Varios países han desarrollado cuentas satélite que estiman el valor del trabajo doméstico y de cuidados no remunerado como porcentaje del PIB. España tiene ese instrumento a nivel nacional. No existe, sin embargo, una desagregación rural/urbana sistemática. Desarrollarla daría visibilidad a la magnitud de la economía del sostenimiento rural y permitiría argumentar políticamente su relevancia con datos.

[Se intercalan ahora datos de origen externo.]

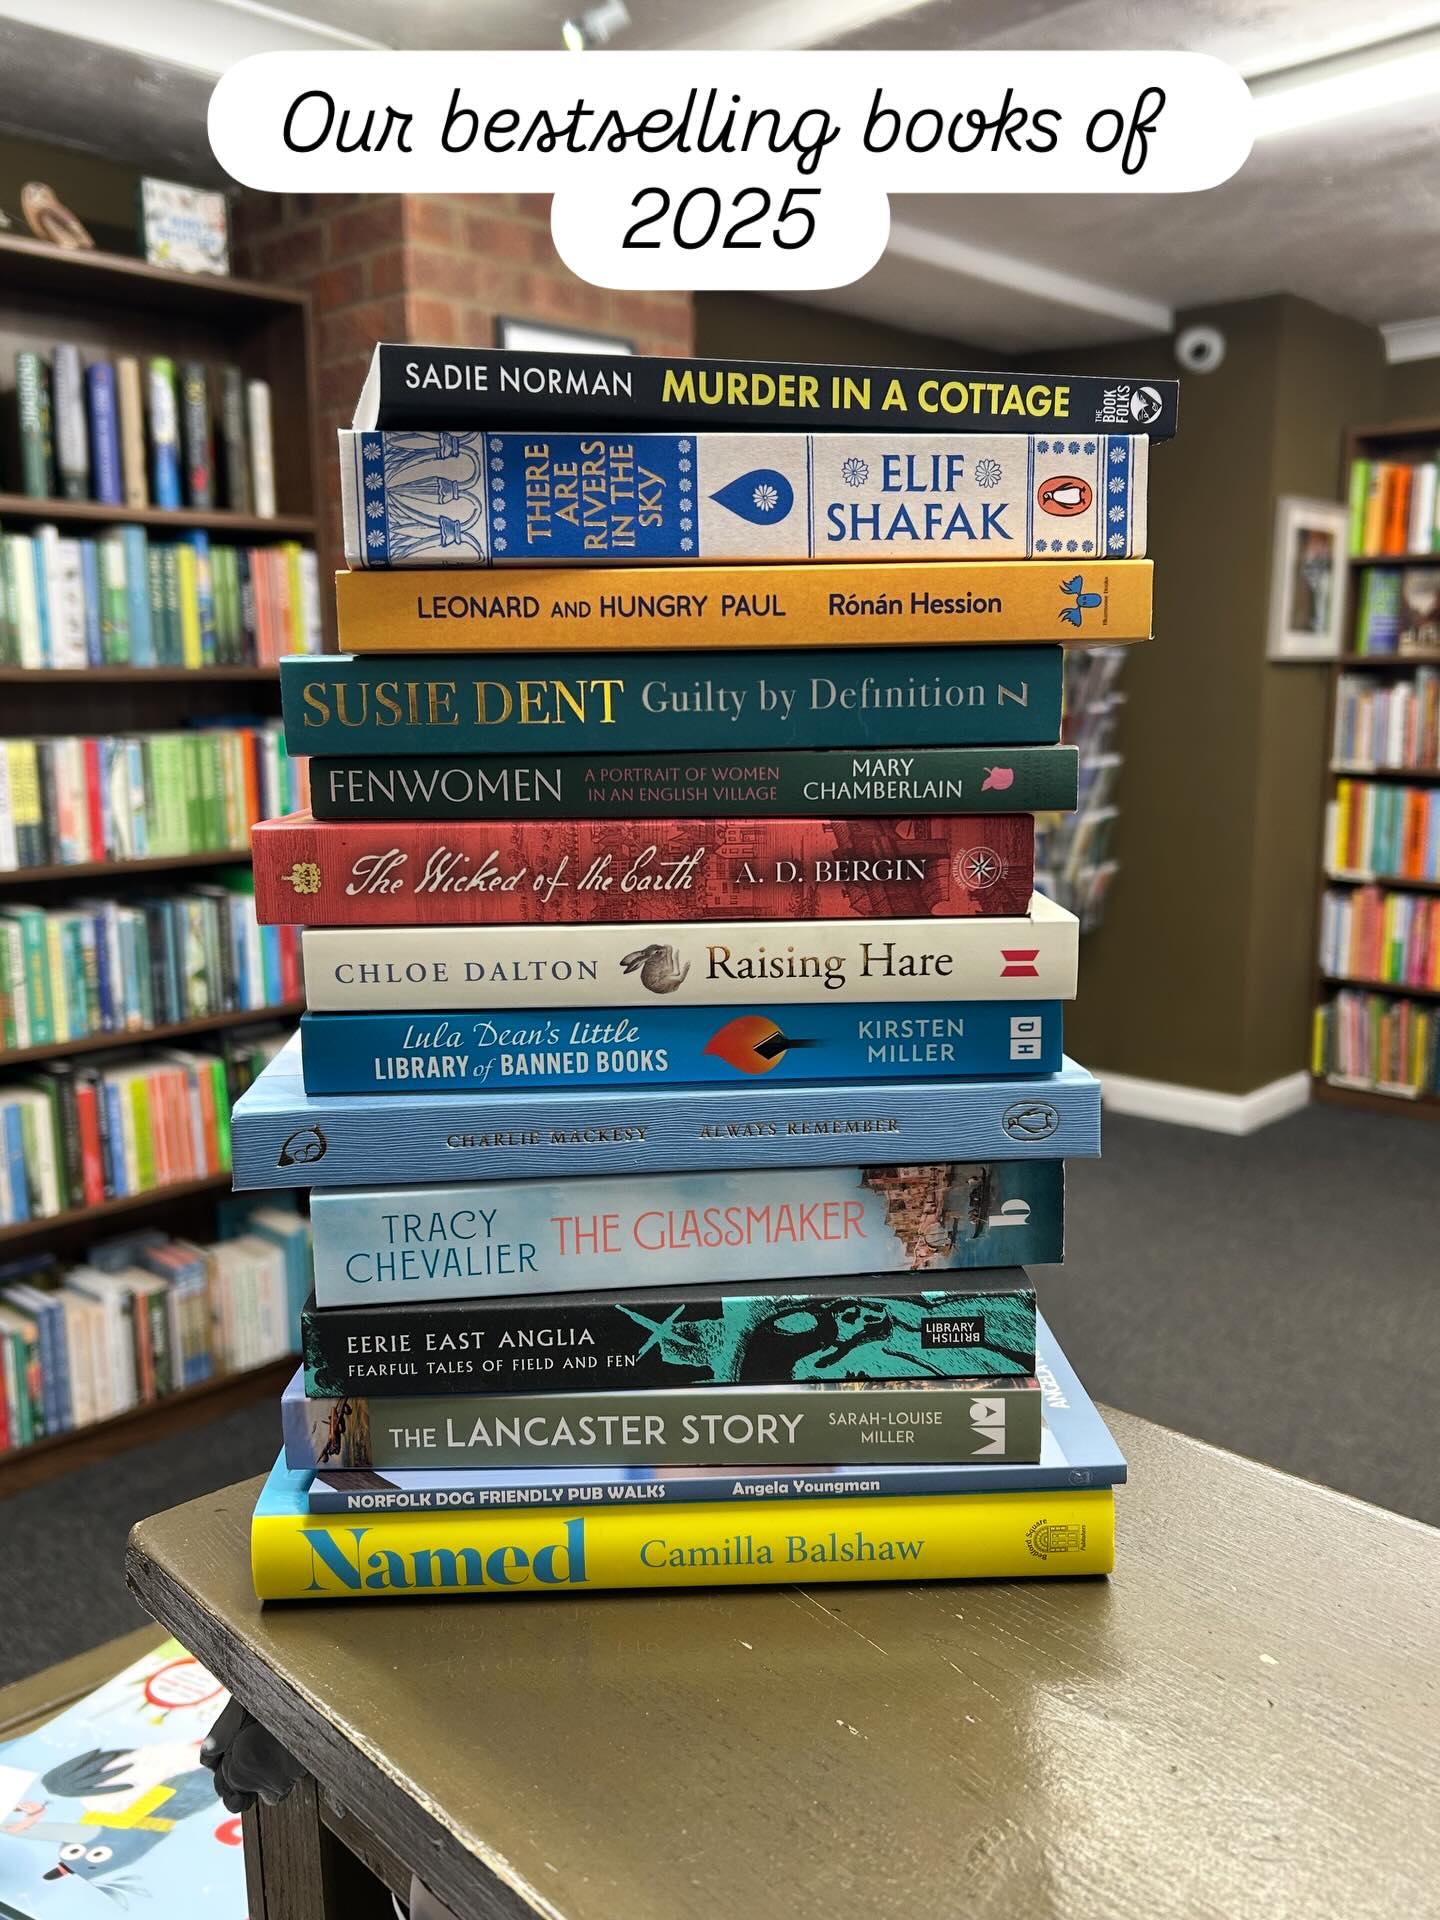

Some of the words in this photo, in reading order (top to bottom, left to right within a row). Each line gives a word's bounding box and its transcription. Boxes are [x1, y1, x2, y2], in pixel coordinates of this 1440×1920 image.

[405, 363, 488, 391] SADIE
[500, 367, 632, 397] NORMAN
[662, 369, 819, 408] MURDER
[832, 379, 870, 410] IN
[882, 379, 908, 411] A
[918, 380, 1070, 417] COTTAGE
[1095, 409, 1103, 423] THE
[1102, 389, 1117, 423] BOOK
[1115, 385, 1130, 423] FOLKS
[610, 443, 634, 506] THE
[881, 454, 964, 492] ELIF
[525, 443, 552, 544] THERE
[554, 462, 580, 526] ARE
[581, 441, 608, 551] RIVERS
[637, 466, 667, 527] SKY
[611, 515, 636, 548] IN
[826, 503, 1014, 542] SHAFAK
[417, 596, 540, 619] LEONARD
[550, 601, 591, 618] AND
[600, 595, 708, 617] HUNGRY
[722, 594, 786, 617] PAUL
[829, 591, 902, 616] Rónán
[911, 591, 1002, 615] Hession
[303, 680, 460, 728] SUSIE
[473, 679, 624, 727] DENT
[642, 680, 748, 720] Guilty
[759, 679, 798, 720] by
[809, 677, 985, 710] Definition
[584, 768, 599, 783] A
[601, 767, 680, 783] PORTRAIT
[686, 767, 707, 782] OF
[712, 767, 780, 781] WOMEN
[852, 758, 915, 776] MARY
[329, 768, 562, 803] FENWOMEN
[588, 789, 604, 802] IN
[611, 788, 634, 802] AN
[640, 788, 707, 801] ENGLISH
[712, 786, 777, 801] VILLAGE
[803, 780, 963, 800] CHAMBERLAIN
[345, 847, 408, 895] The
[414, 845, 525, 893] Wicked
[532, 854, 571, 902] of
[576, 854, 614, 892] the
[621, 845, 706, 892] Earth
[735, 863, 764, 884] A.
[775, 861, 804, 883] D.
[814, 859, 927, 882] BERGIN
[334, 962, 449, 984] CHLOE
[464, 960, 599, 983] DALTON
[706, 944, 846, 990] Raising
[859, 942, 954, 978] Hare
[402, 1020, 465, 1050] Lula
[473, 1020, 560, 1046] Dean's
[569, 1018, 640, 1045] Little
[858, 1019, 965, 1040] KIRSTEN
[374, 1055, 469, 1080] LIBRARY
[473, 1056, 497, 1084] of
[500, 1051, 590, 1076] BANNED
[596, 1049, 669, 1073] BOOKS
[867, 1043, 955, 1064] MILLER
[446, 1131, 540, 1149] CHARLIE
[550, 1127, 648, 1145] MACKESY
[700, 1122, 777, 1138] ALWAYS
[787, 1118, 900, 1136] REMEMBER
[382, 1209, 498, 1244] TRACY
[551, 1214, 621, 1255] THE
[634, 1201, 868, 1251] GLASSMAKER
[346, 1243, 538, 1283] CHEVALIER
[347, 1334, 412, 1354] EERIE
[426, 1332, 485, 1351] EAST
[498, 1329, 595, 1348] ANGLIA
[926, 1322, 974, 1333] LIBRARY
[932, 1332, 980, 1343] BRITISH
[348, 1360, 418, 1378] FEARFUL
[427, 1361, 474, 1375] TALES
[482, 1359, 504, 1373] OF
[512, 1357, 554, 1371] FIELD
[562, 1355, 598, 1369] AND
[607, 1355, 636, 1368] FEN
[388, 1428, 437, 1448] THE
[446, 1416, 666, 1448] LANCASTER
[682, 1413, 805, 1445] STORY
[828, 1411, 943, 1426] SARAH-LOUISE
[860, 1430, 915, 1443] MILLER
[348, 1493, 431, 1509] NORFOLK
[436, 1491, 473, 1506] DOG
[479, 1488, 564, 1504] FRIENDLY
[567, 1486, 603, 1501] PUB
[607, 1484, 666, 1499] WALKS
[732, 1481, 789, 1496] Angela
[793, 1479, 880, 1495] Youngman
[1026, 1519, 1047, 1538] Square
[297, 1517, 590, 1592] Named
[640, 1536, 773, 1569] Camilla
[786, 1532, 925, 1564] Balshaw
[1026, 1539, 1047, 1560] Bedford

Las personas que prestan cuidados no remunerados en entornos rurales — en su mayoría mujeres — acumulan periodos sin cotización que se traducen en pensiones bajas o inexistentes. El sistema de cuidadores no profesionales de la Ley de Dependencia reconoce parcialmente ese trabajo, pero con cobertura insuficiente y criterios que excluyen muchas situaciones rurales. Expandir ese reconocimiento es, simultáneamente, una política de equidad de género y una política de desarrollo rural.
Las comunidades de montes, juntas de regantes, asociaciones de gestión forestal y otras formas de gestión colectiva del territorio realizan trabajo de valor público sin remuneración sistemática. Crear instrumentos de financiación que reconozcan ese trabajo — no como subvención al negocio, sino como retribución por un servicio público que prestan — haría más sostenibles estas instituciones y reduciría la dependencia de la disponibilidad de trabajo voluntario que tiende a agotarse con el envejecimiento.

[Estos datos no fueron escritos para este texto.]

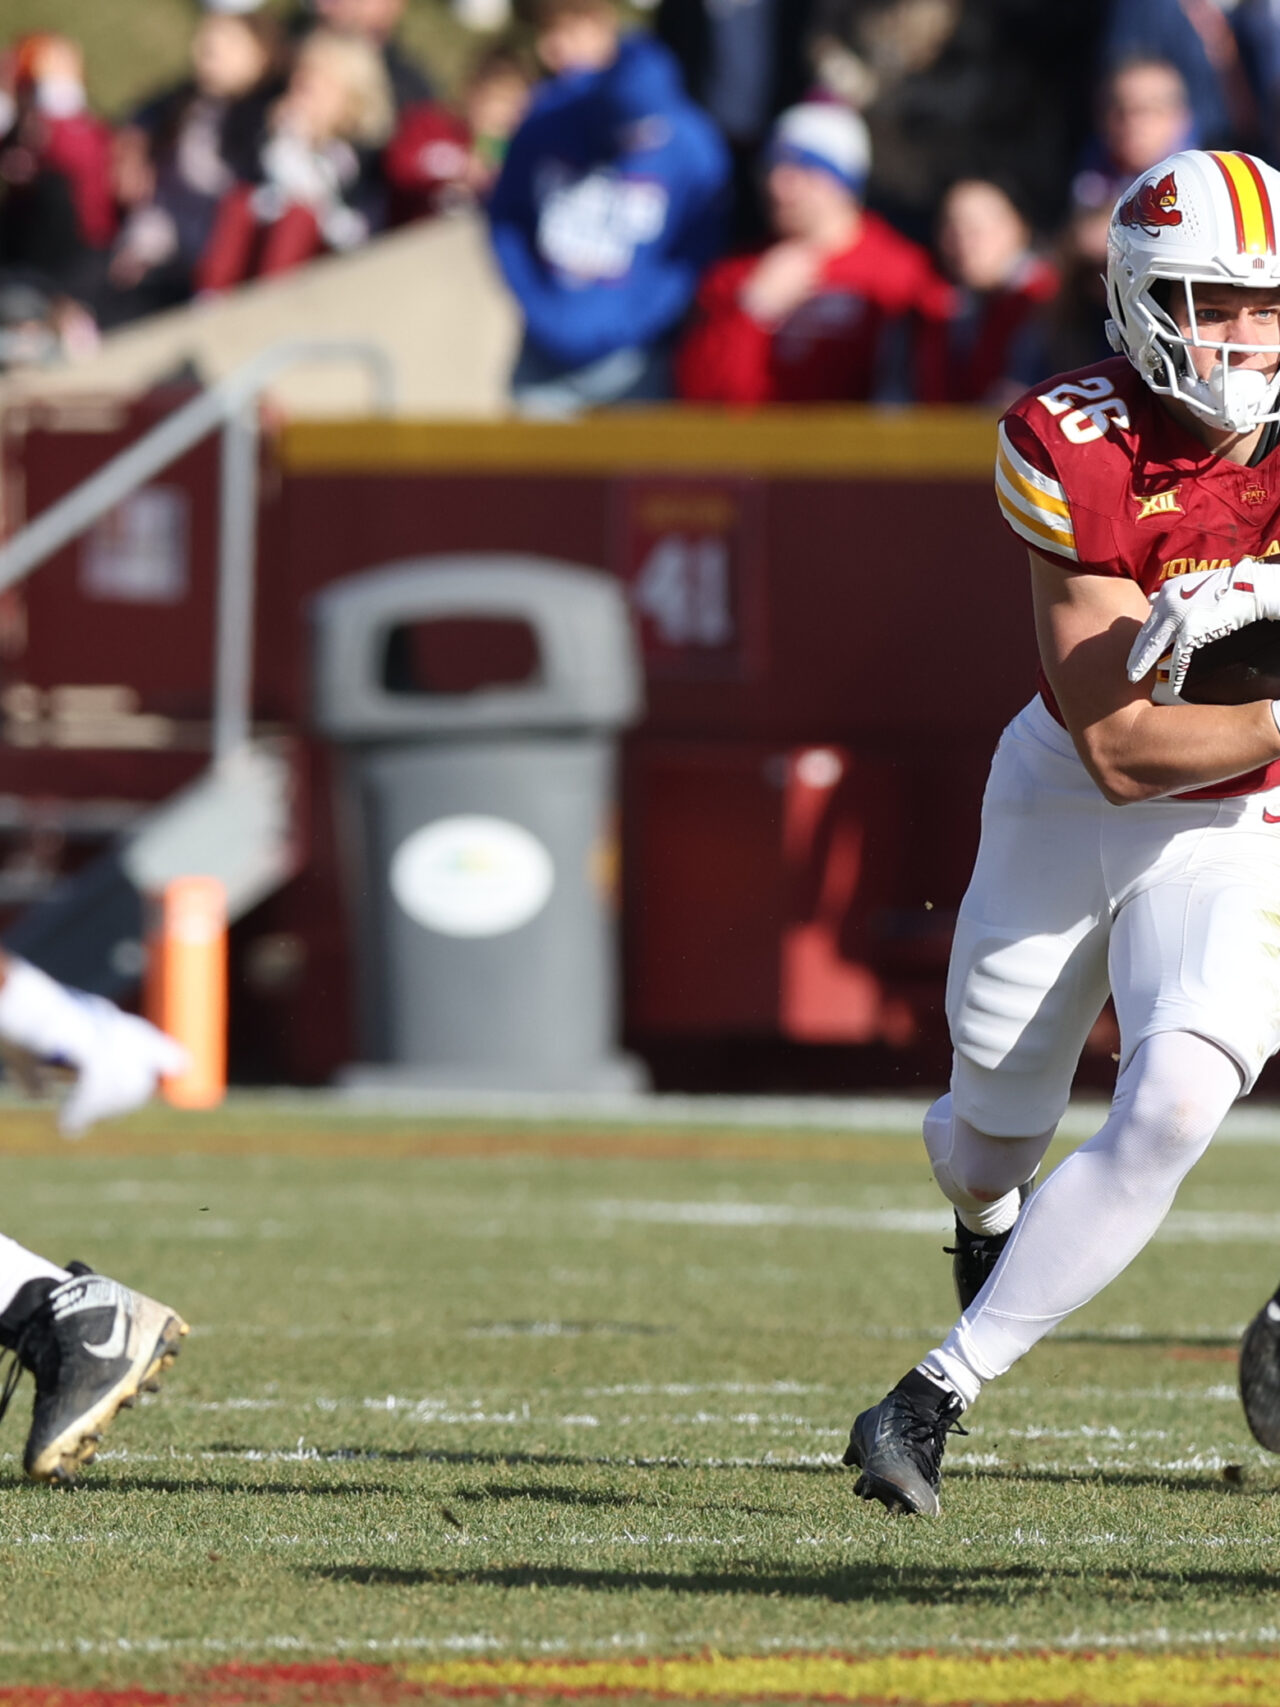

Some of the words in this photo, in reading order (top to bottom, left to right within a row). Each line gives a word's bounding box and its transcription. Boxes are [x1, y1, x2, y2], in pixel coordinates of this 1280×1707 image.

El conocimiento local rural tiene una ventana temporal de transmisión que se cierra con la muerte de quienes lo portan. Los programas de etnobotánica, de recuperación de variedades, de documentación de técnicas tradicionales de gestión del agua o del bosque: todos tienen rentabilidad de largo plazo que ningún evaluador de proyectos con horizonte de tres años puede capturar. Financiarlos como inversión en capital cognitivo territorial, no como gasto cultural, cambiaría su posición en las prioridades presupuestarias.
Los Planes de Desarrollo Rural, los Planes de Acción Local de los GAL y los planes estratégicos municipales usan casi exclusivamente indicadores de mercado. Introducir indicadores de sostenimiento — tasa de cobertura de cuidados formales e informales, extensión de producción para autoconsumo, horas de trabajo voluntario en gestión del territorio, número de titulares activos de conocimiento local documentado — haría que las intervenciones pudieran orientarse hacia lo que importa para la continuidad de la vida rural, no solo hacia lo que genera transacciones registrables.
La economía del sostenimiento plantea tensiones que no se resuelven con buenas intenciones. Reconocer el trabajo no remunerado puede también fijar a quienes lo prestan en ese rol si no va acompañado de una redistribución real de la carga. Valorizar el conocimiento local puede crear incentivos para su privatización. Financiar la gestión comunitaria puede introducir lógicas burocráticas que erosionen exactamente la informalidad que la hace funcionar. Estas tensiones merecen debate, no silencio.